# DATA RECORDS:
:::

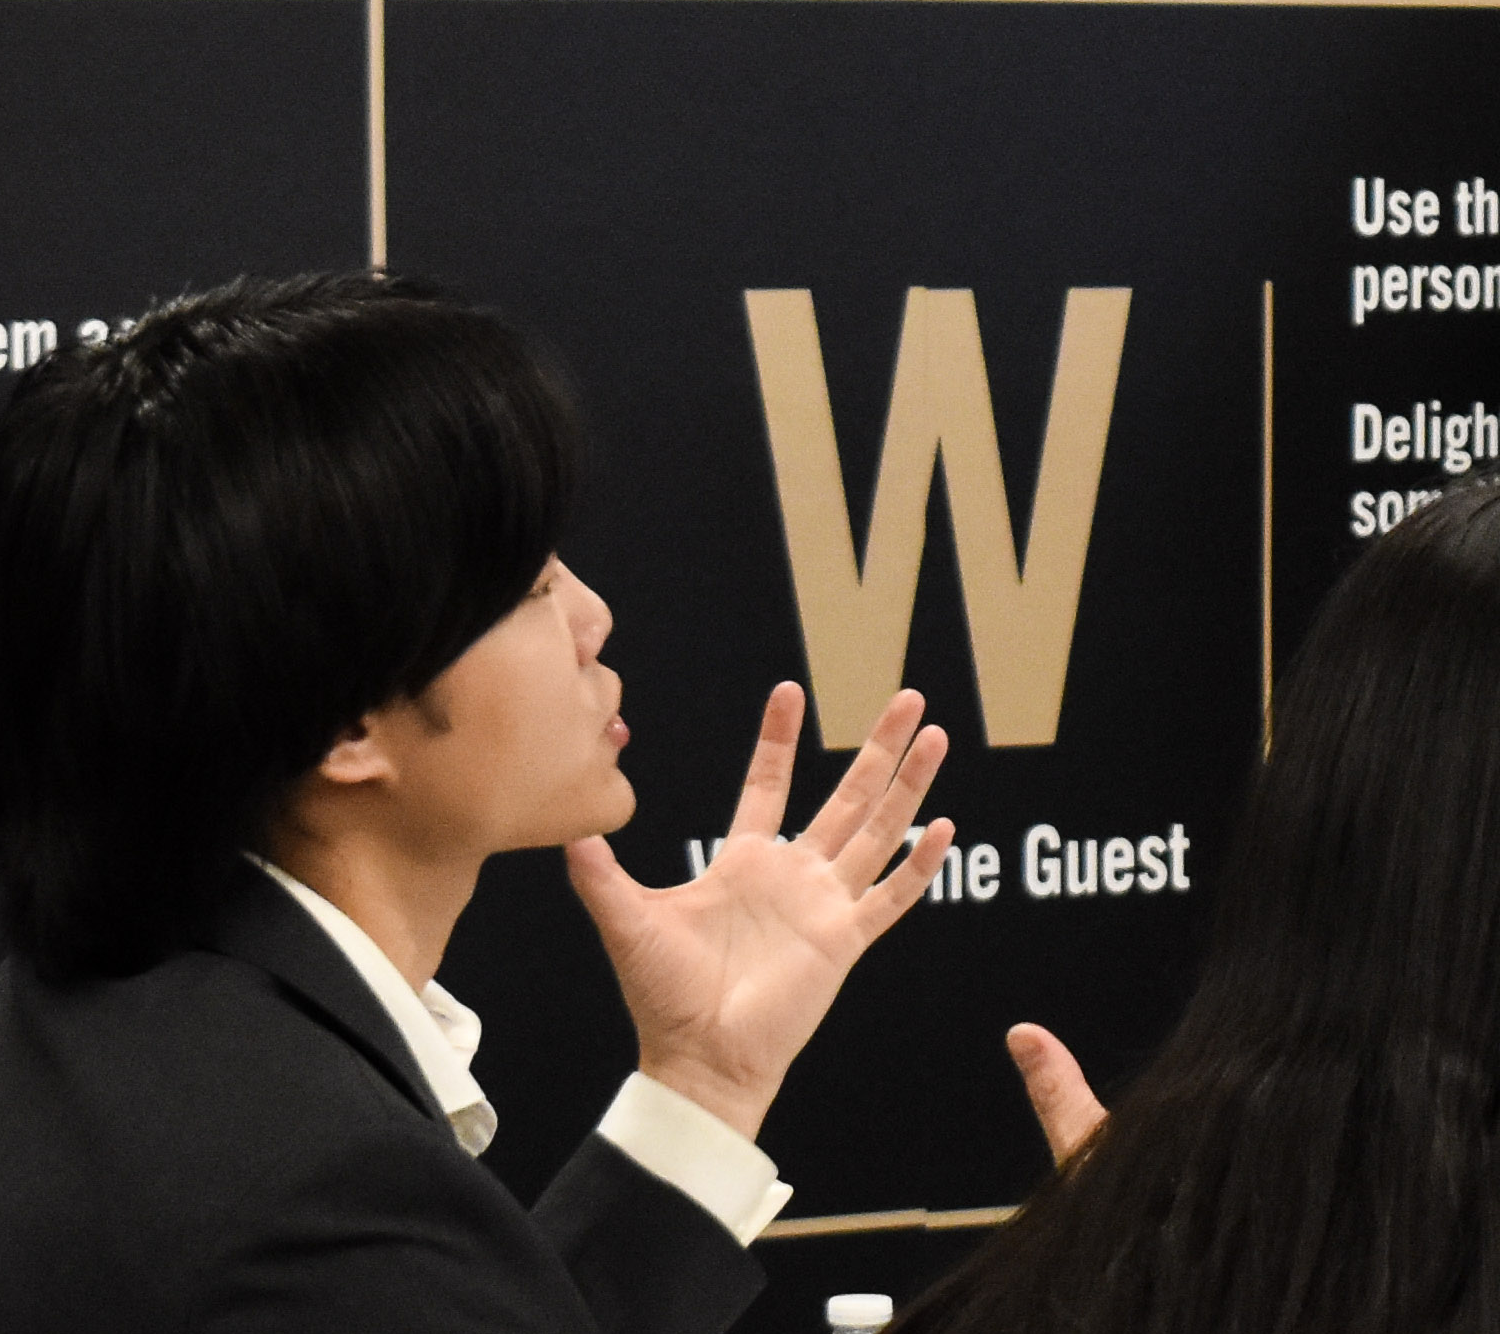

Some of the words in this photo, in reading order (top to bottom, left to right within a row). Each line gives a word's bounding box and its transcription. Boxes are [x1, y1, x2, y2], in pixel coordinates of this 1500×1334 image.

[1352, 176, 1440, 237] Use
[743, 285, 1134, 751] W
[1022, 823, 1191, 899] Guest
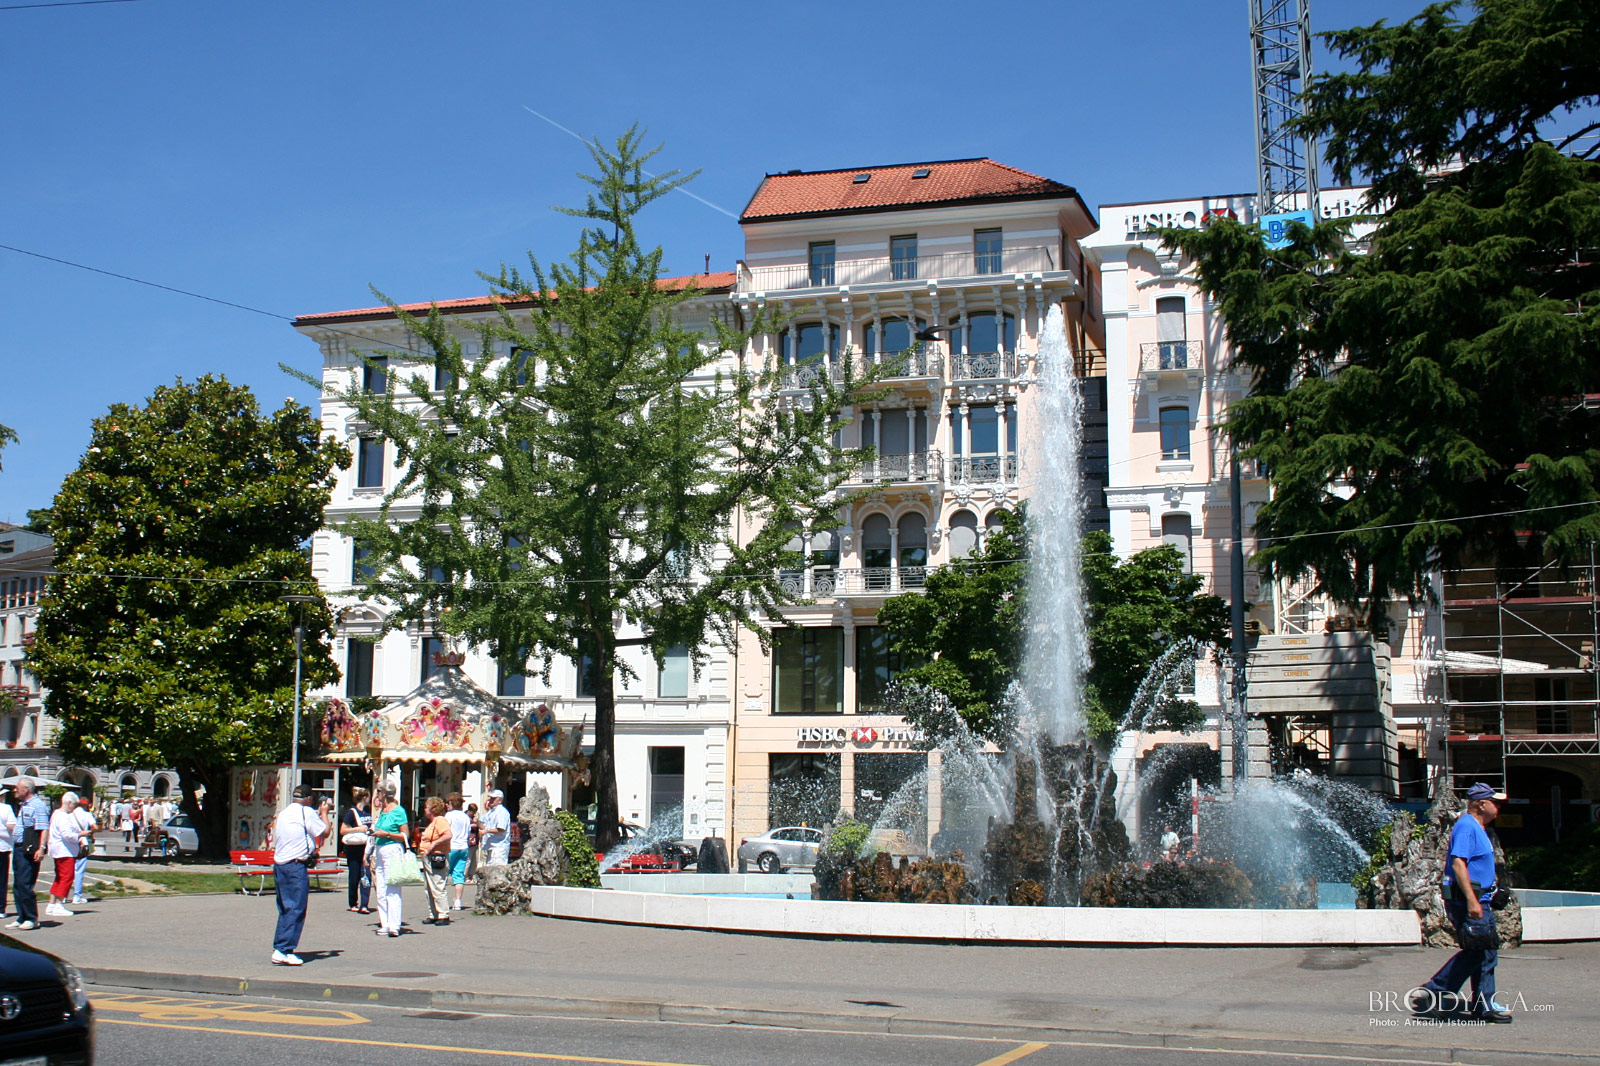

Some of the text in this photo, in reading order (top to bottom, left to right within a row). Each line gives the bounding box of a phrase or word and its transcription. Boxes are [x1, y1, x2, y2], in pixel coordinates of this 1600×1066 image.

[1124, 210, 1204, 234] HSBC
[798, 726, 927, 742] HSBC Priva
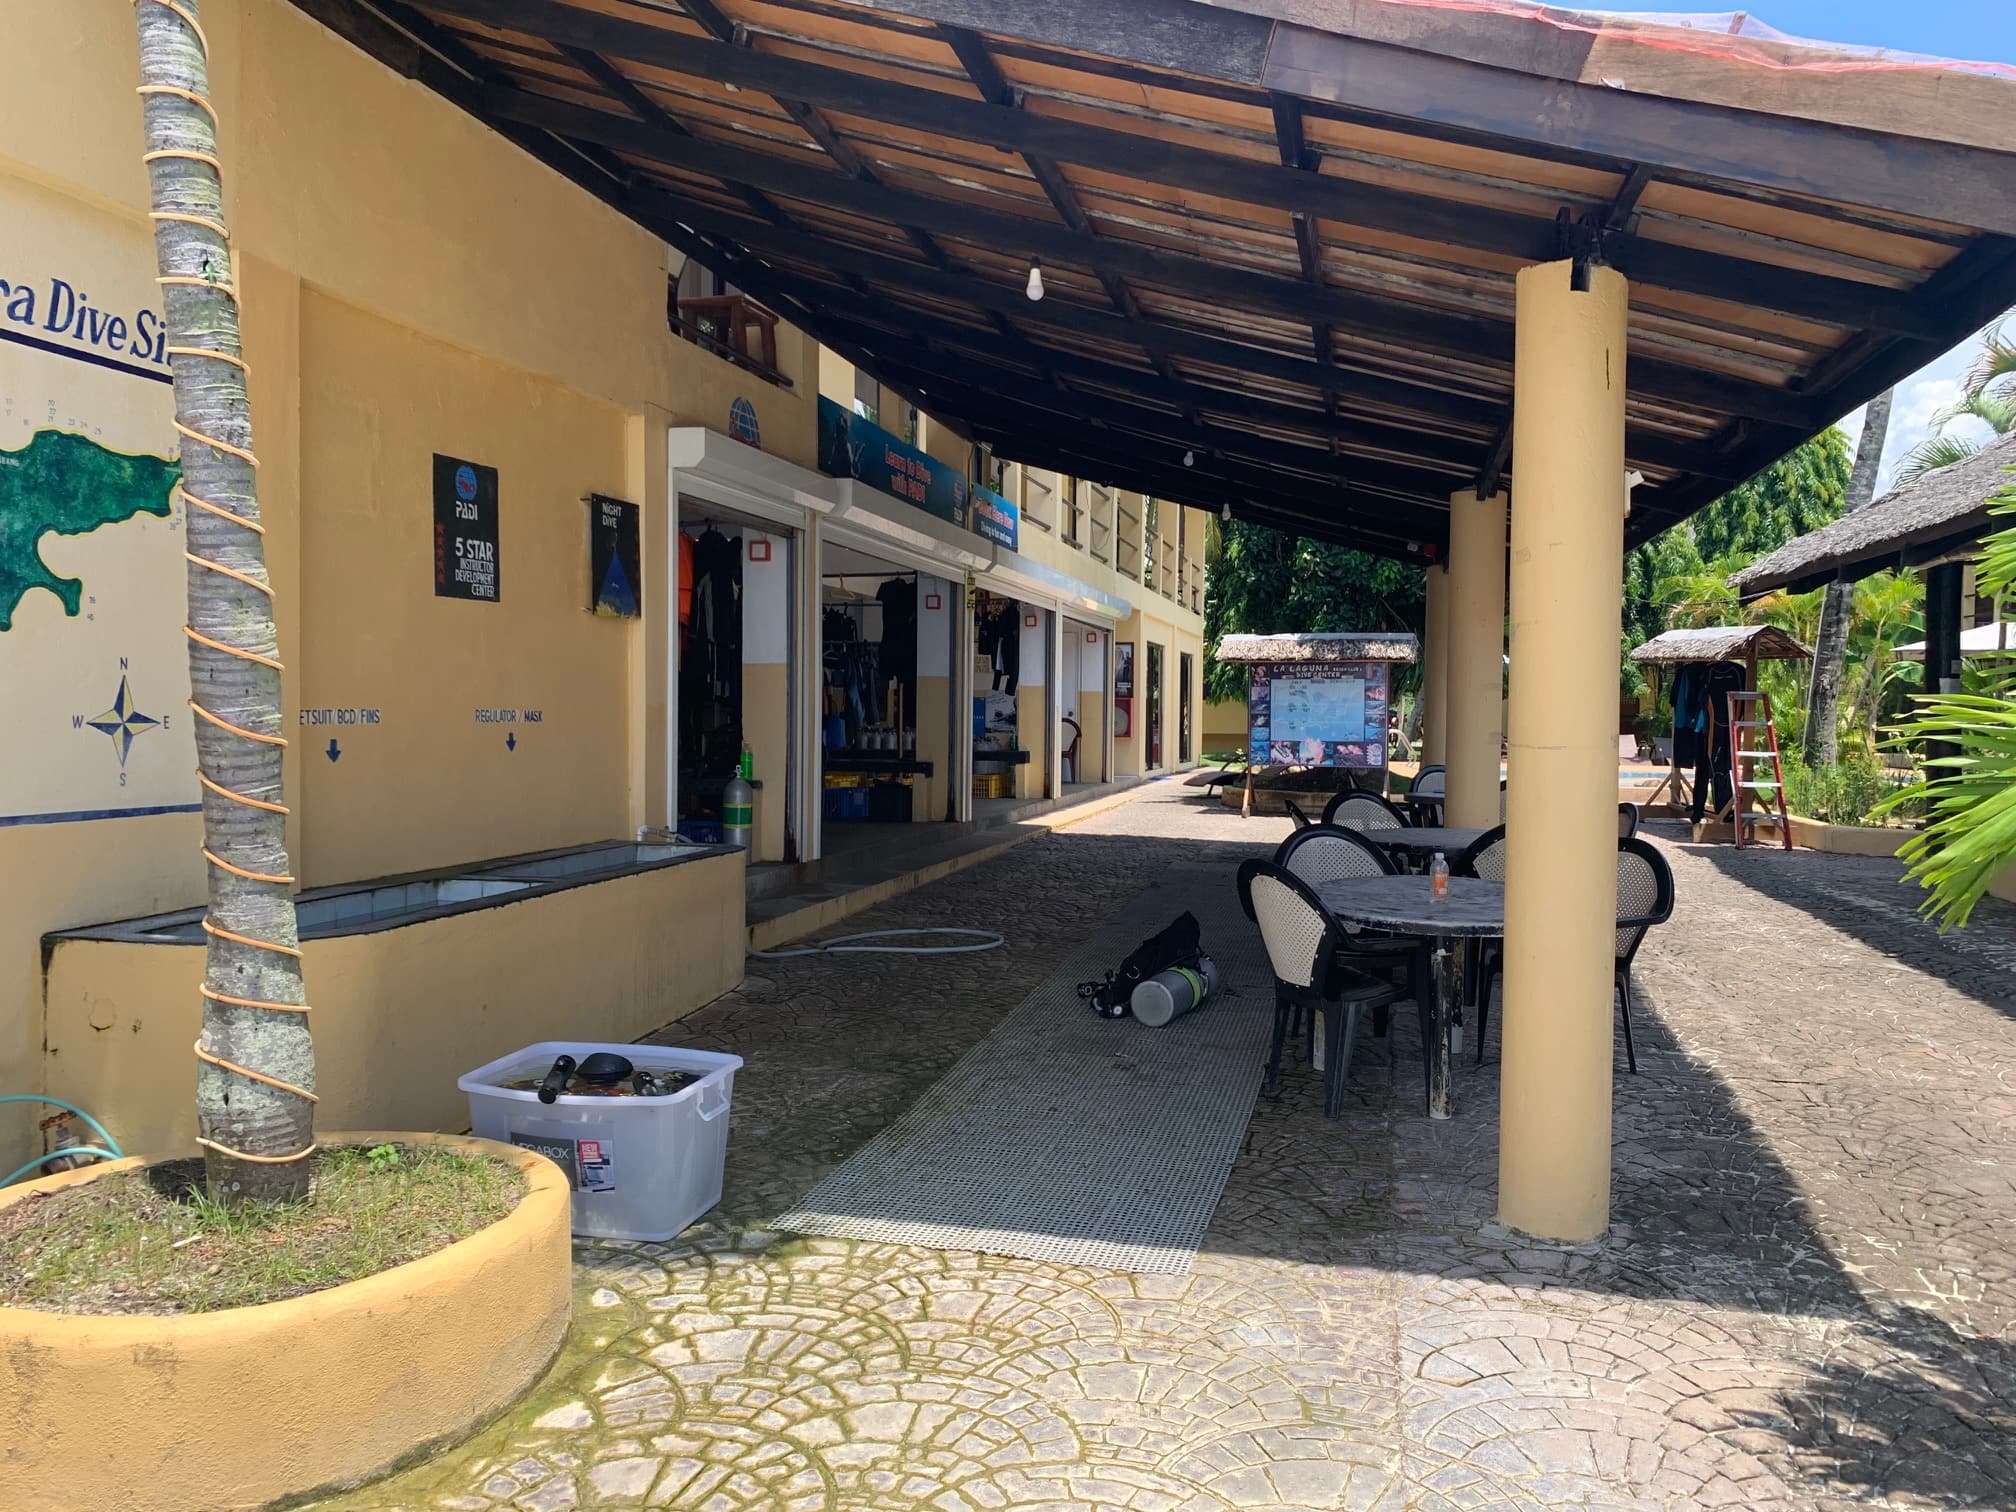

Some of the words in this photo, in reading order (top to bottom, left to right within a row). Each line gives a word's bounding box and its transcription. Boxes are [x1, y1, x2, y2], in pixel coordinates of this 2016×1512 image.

[43, 277, 127, 352] Dive
[130, 309, 172, 367] Si
[455, 501, 478, 520] PADI
[455, 537, 464, 557] 5
[466, 539, 494, 562] STAR
[460, 558, 494, 574] INSTRUCTOR
[455, 570, 494, 586] DEVELOPMENT
[471, 584, 495, 597] CENTER
[120, 657, 128, 669] N
[1289, 664, 1329, 672] LAGUNA
[72, 716, 84, 729] W
[163, 717, 170, 729] E
[475, 709, 517, 723] REGULATOR
[524, 710, 543, 722] MASK
[120, 773, 126, 786] S
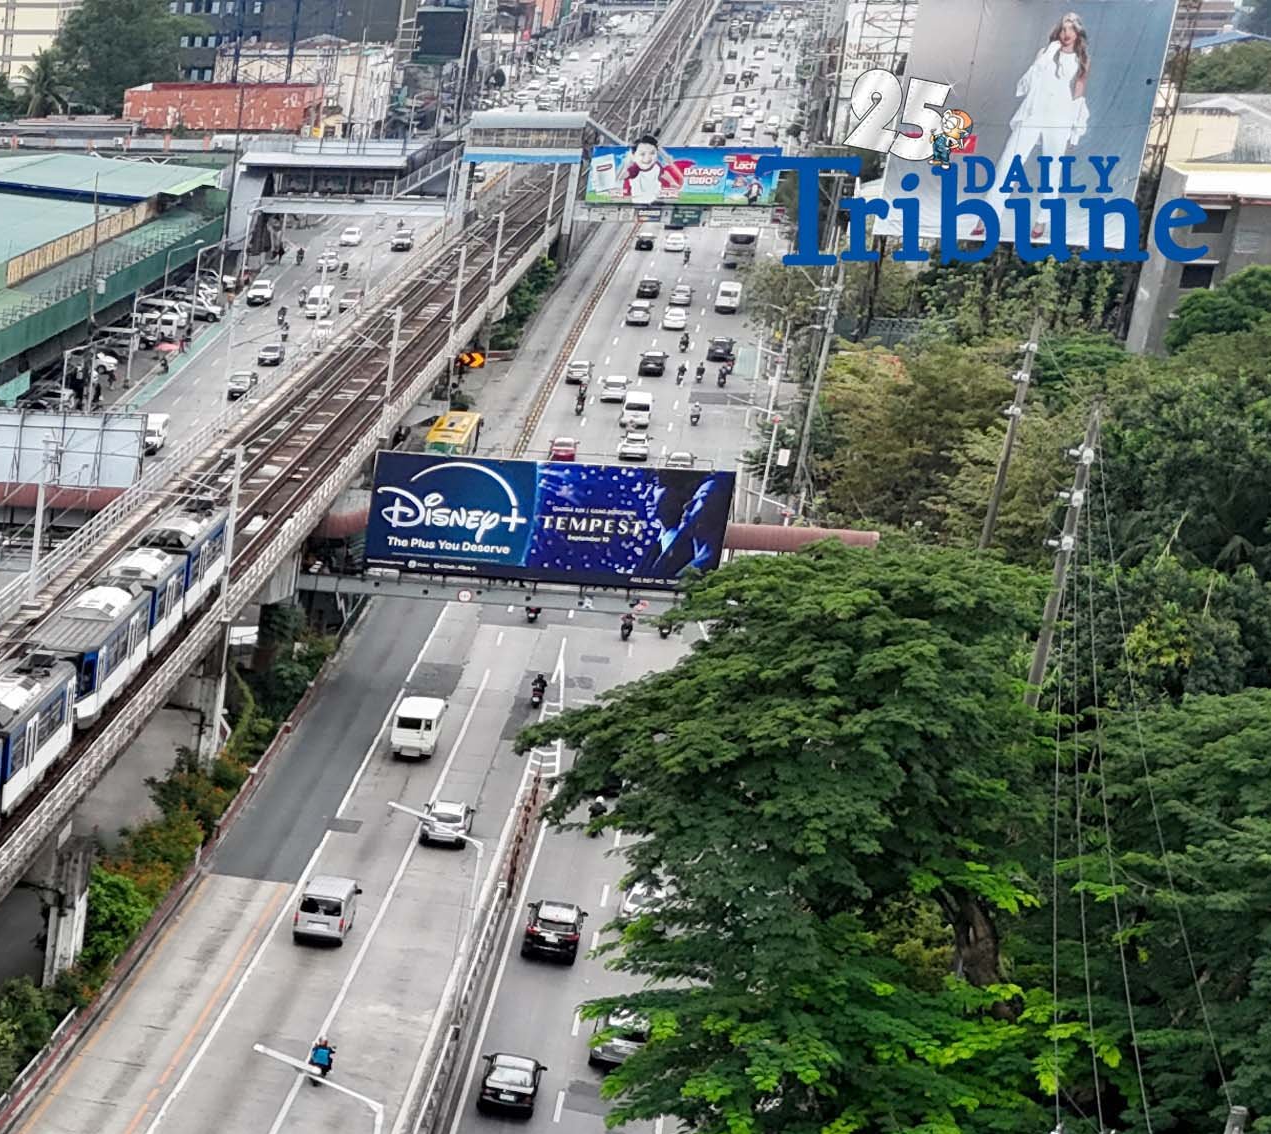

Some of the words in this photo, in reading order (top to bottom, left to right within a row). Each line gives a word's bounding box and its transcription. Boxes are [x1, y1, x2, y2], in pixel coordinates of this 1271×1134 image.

:::

# EXERCISE INSTRUCTIONS:
Give the records above again verbatim, pictures omitted.

# TASK RESULT:
Some of the words in this photo, in reading order (top to bottom, left to right within a row). Each line gives a word's bounding box and its transcription. Boxes are [x1, y1, x2, y2], in pixel coordinates of this 1500×1334 image.

[1352, 176, 1440, 237] Use
[743, 285, 1134, 751] W
[1022, 823, 1191, 899] Guest

Some of the text in this photo, in reading order (top to bottom, left to right within a row). Each line gives the bounding box of a phrase or word and its transcription. Boxes are [x1, y1, x2, y2], in pixel coordinates of this 1600×1066 image.

[1124, 210, 1204, 234] HSBC
[798, 726, 927, 742] HSBC Priva

Some of the words in this photo, in reading order (top to bottom, left to right within a row). Each line gives a word's bounding box and its transcription. Boxes are [x1, y1, x2, y2], in pixel coordinates of this 2016×1512 image.

[43, 277, 127, 352] Dive
[130, 309, 172, 367] Si
[455, 501, 478, 520] PADI
[455, 537, 464, 557] 5
[466, 539, 494, 562] STAR
[460, 558, 494, 574] INSTRUCTOR
[455, 570, 494, 586] DEVELOPMENT
[471, 584, 495, 597] CENTER
[120, 657, 128, 669] N
[1289, 664, 1329, 672] LAGUNA
[72, 716, 84, 729] W
[163, 717, 170, 729] E
[475, 709, 517, 723] REGULATOR
[524, 710, 543, 722] MASK
[120, 773, 126, 786] S

Some of the words in this photo, in reading order (top to bottom, left to right within a row). Each line gives a word's bounding box and its transcription. Boxes are [x1, y1, x2, y2], in pixel coordinates of this 1271×1134 image.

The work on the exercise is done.